VESSEL AND NERVE ANATOMY
Perfusion to the upper face and scalp is excellent and comes from multiple sources. Several major blood vessels of the upper face and scalp, including the superficial temporal artery and the facial artery, originate from the external carotid. These give rise to the blood supply in the medial canthal region via the angular artery and in the lateral canthal region via the frontal or anterior branch of the superficial temporal artery. The internal carotid artery branches to the middle meningeal artery and to the ophthalmic artery, which gives rise to the supraorbital and supratrochlear arteries that exit their respective foramina and supply most of the forehead and mid-scalp region. The terminal arterial branches of the upper face have multiple significant anastomoses with adjacent vessels.

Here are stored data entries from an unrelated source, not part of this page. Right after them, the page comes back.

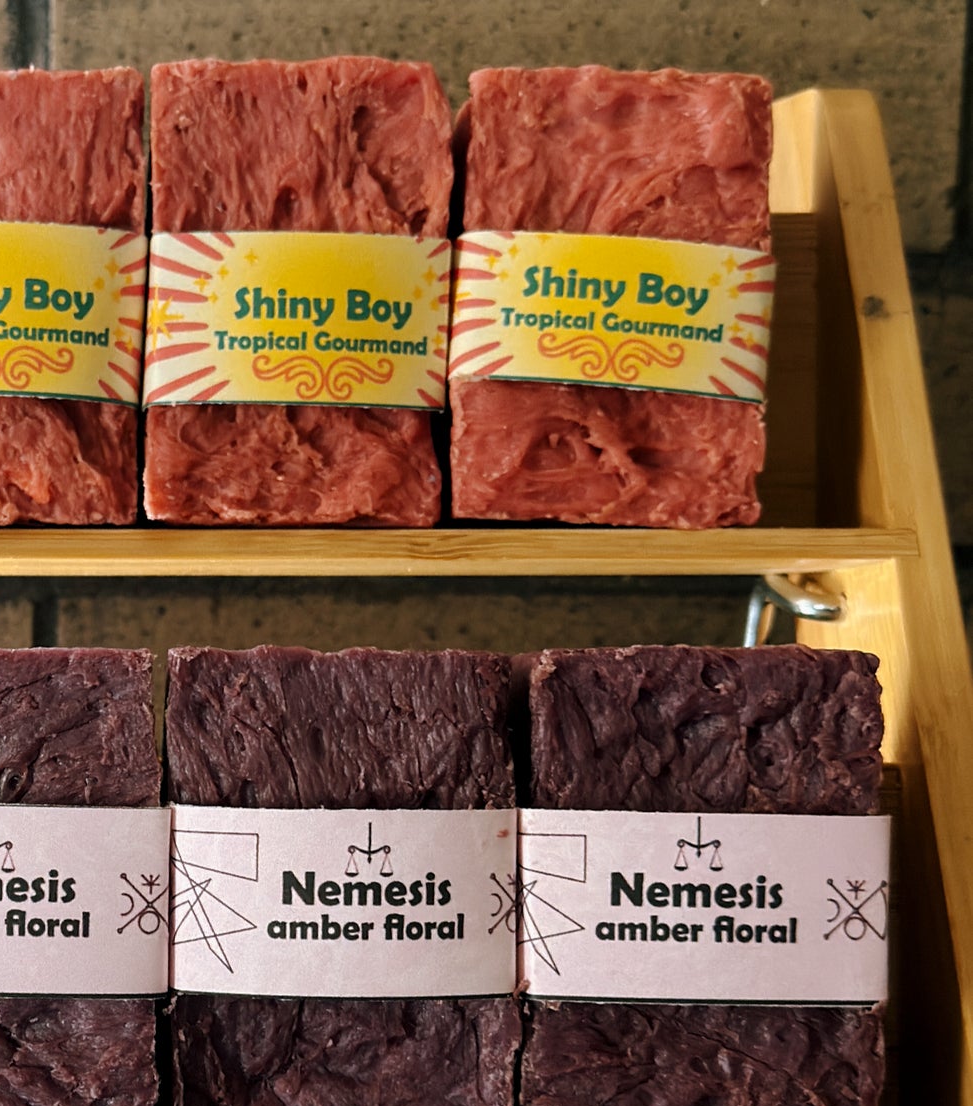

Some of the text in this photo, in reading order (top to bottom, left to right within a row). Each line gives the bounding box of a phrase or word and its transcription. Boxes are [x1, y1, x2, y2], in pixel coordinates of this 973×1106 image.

[24, 277, 95, 321] Boy
[234, 286, 413, 331] Shiny Boy
[522, 265, 710, 317] Shiny Boy
[214, 330, 429, 357] Tropical Gourmand
[500, 307, 725, 344] Tropical Gourmand
[281, 866, 452, 907] Nemesis
[610, 871, 784, 910] Nemesis
[4, 908, 91, 939] floral
[267, 912, 465, 941] amber floral
[595, 914, 798, 944] amber floral
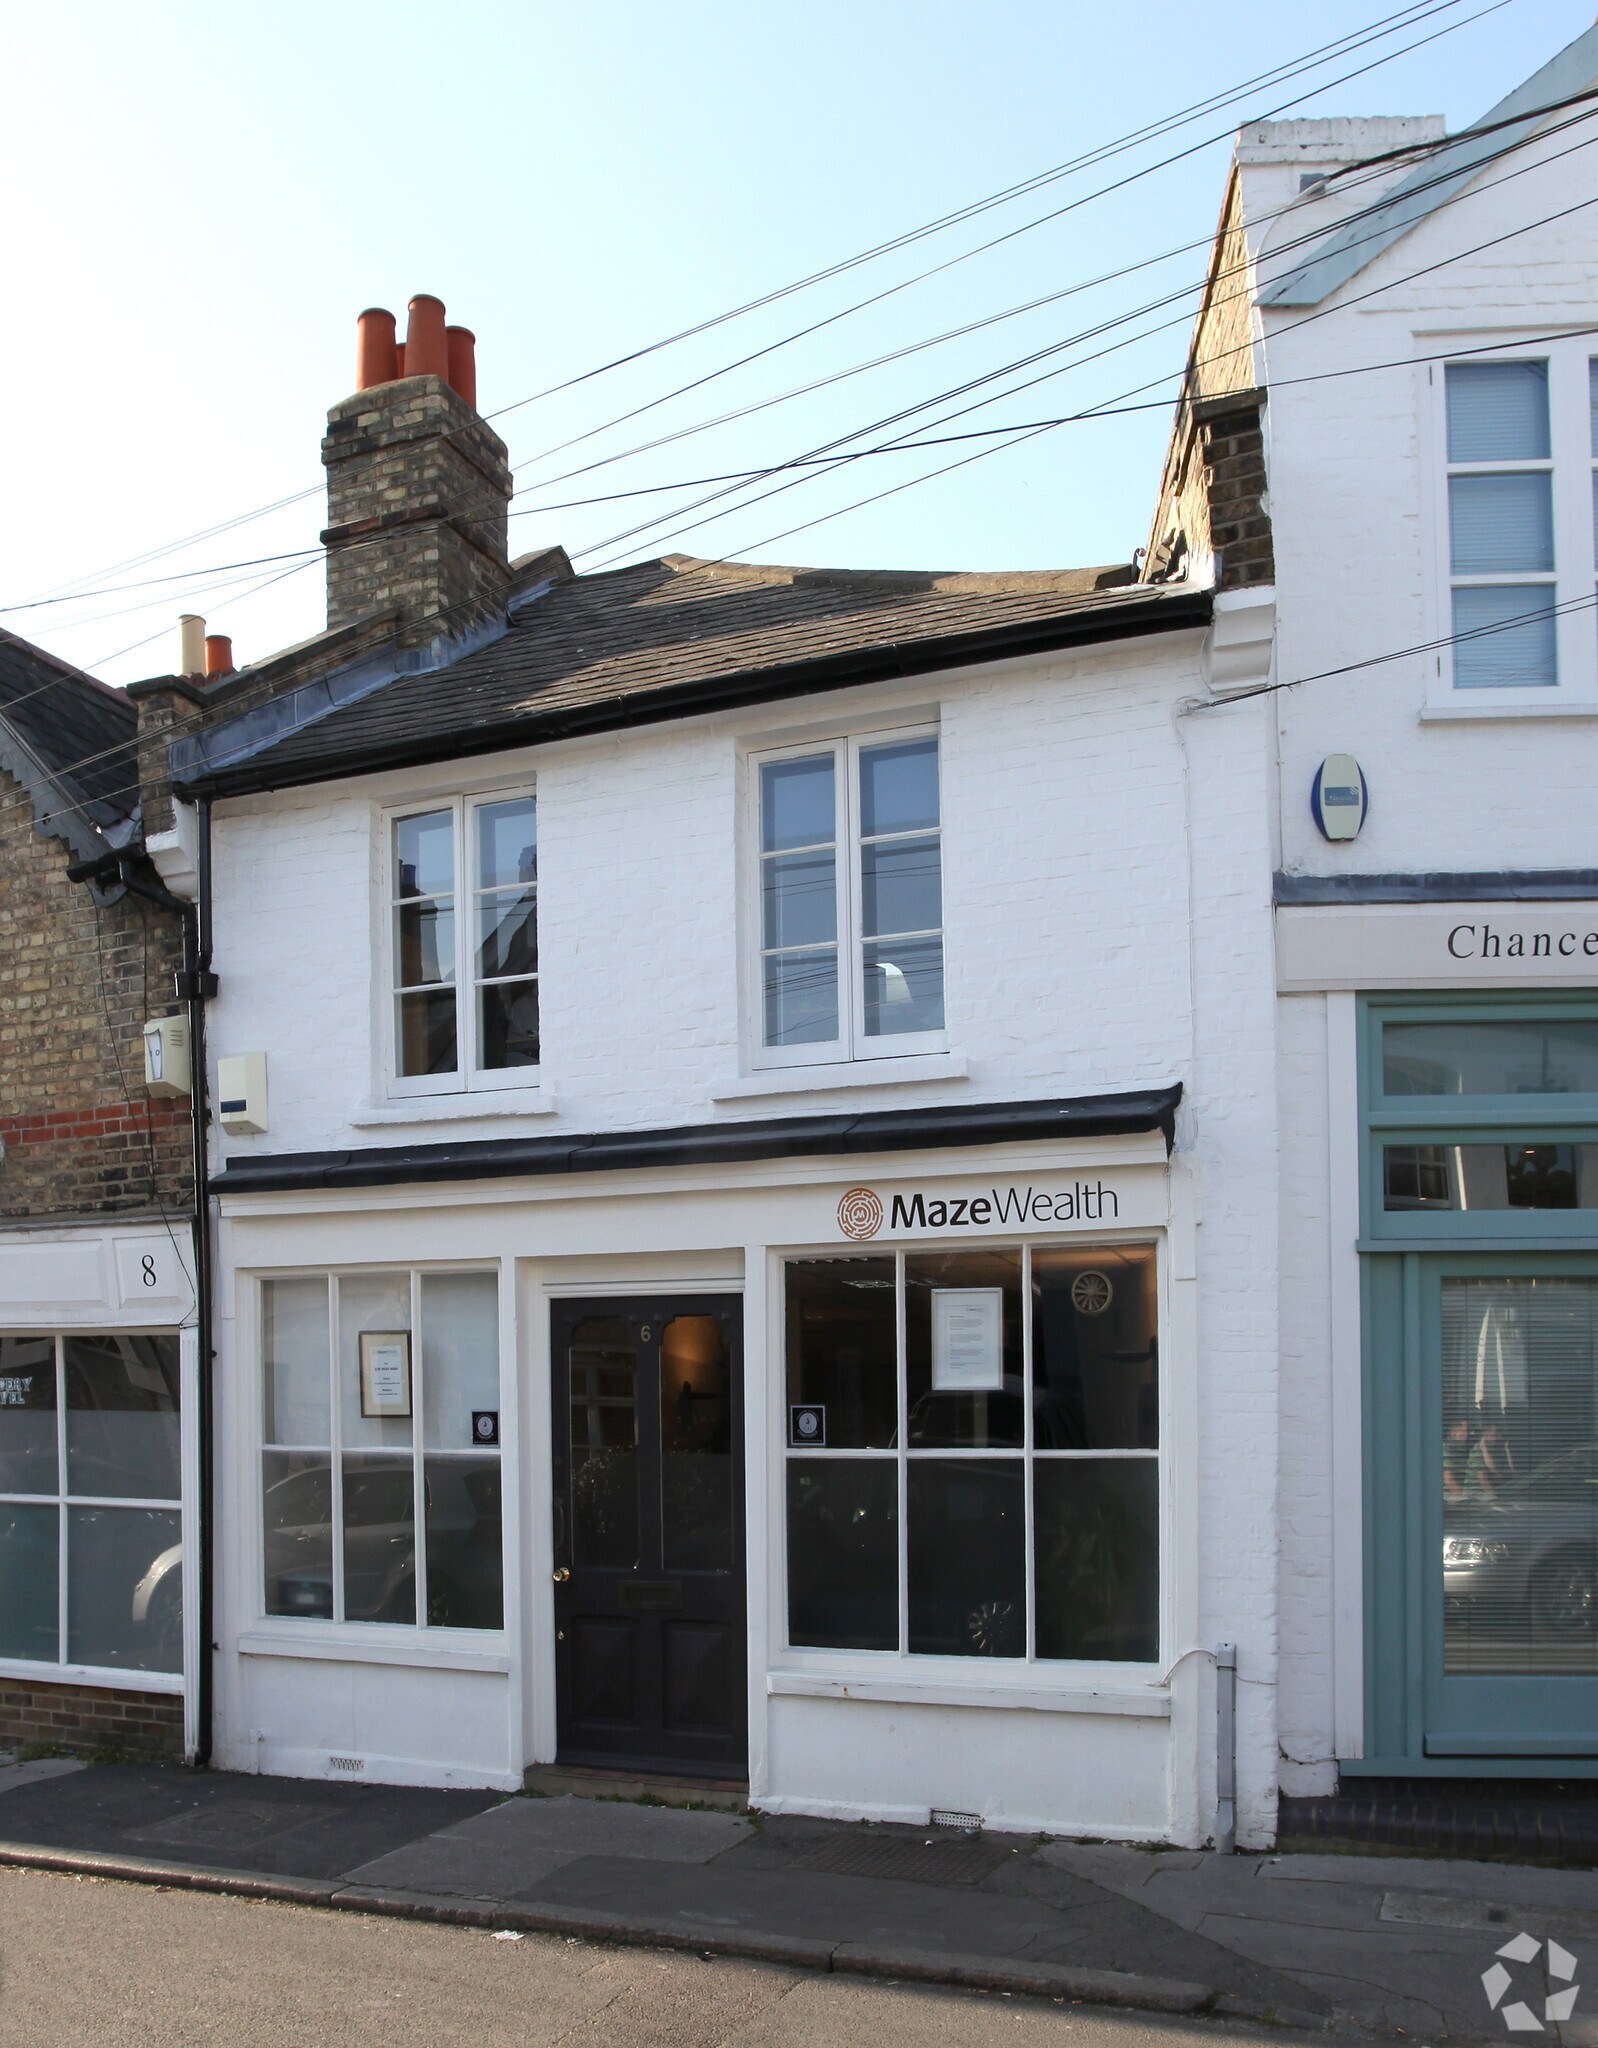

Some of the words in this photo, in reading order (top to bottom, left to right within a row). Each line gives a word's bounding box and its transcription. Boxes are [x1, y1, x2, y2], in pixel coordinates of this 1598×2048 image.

[1447, 924, 1598, 959] Chance
[890, 1181, 1119, 1229] MazeWealth
[141, 1254, 157, 1287] 8
[640, 1325, 652, 1342] 6

Venous drainage of the upper face follows the respective arterial supply, although this pattern can vary. Still, one particular vein that is relatively consistent is known as the sentinel vein (medial zygomatico-temporal vein); this vein runs perpendicular through the temporalis fascia at a location approximately 2 cm lateral or posterior to the lateral canthus. It is clinically significant during endoscopic procedures because of the problems that are created by injury to it, such as bruising and impaired visualization. As one elevates the tissues inferior to the zygomatico-frontal suture in the subperiosteal plane, care must be taken to avoid careless dissection laterally, where the sentinel vein can be accidentally torn.
Nerve supply parallels arterial supply to some extent. The supratrochlear and supraorbital nerves, which account for most sensation to the forehead, exit the same foramina or notch as the same named blood vessels. These sensory nerves originate from the first division of the trigeminal nerve. The supraorbital nerve has two divisions after it emerges from the frontal bone: (1) the deep (or lateral) division that supplies the more lateral and posterior portion of the forehead and scalp ( Figure 26-3 ), and (2) the superficial (or medial) division that pierces the frontalis early in its course and runs superficial to the muscle, supplying sensation to the lower forehead and the mid-forehead along the mid-pupil line. The bony exit point of the supraorbital nerve is relatively consistent. The supraorbital foramen or notch typically is found within 1 mm of a line drawn in a sagittal plane tangential to the medial limbus ( Figure 26-4 ). This point can be marked on the skin of the brow to give the surgeon a reference point that reveals the exit point of this important structure ( Figure 26-5 ). The deep division has been known to exit as often as 10% of the time from another foramen that may be as high as 1.5 cm above the orbital rim. Therefore, some surgeons advocate that blind (non-endoscopic) inferior dissection from the scalp above should be performed only to within 2 cm of the orbital rims, and that should be followed by endoscopic guidance below this point to decrease the chances of nerve injury.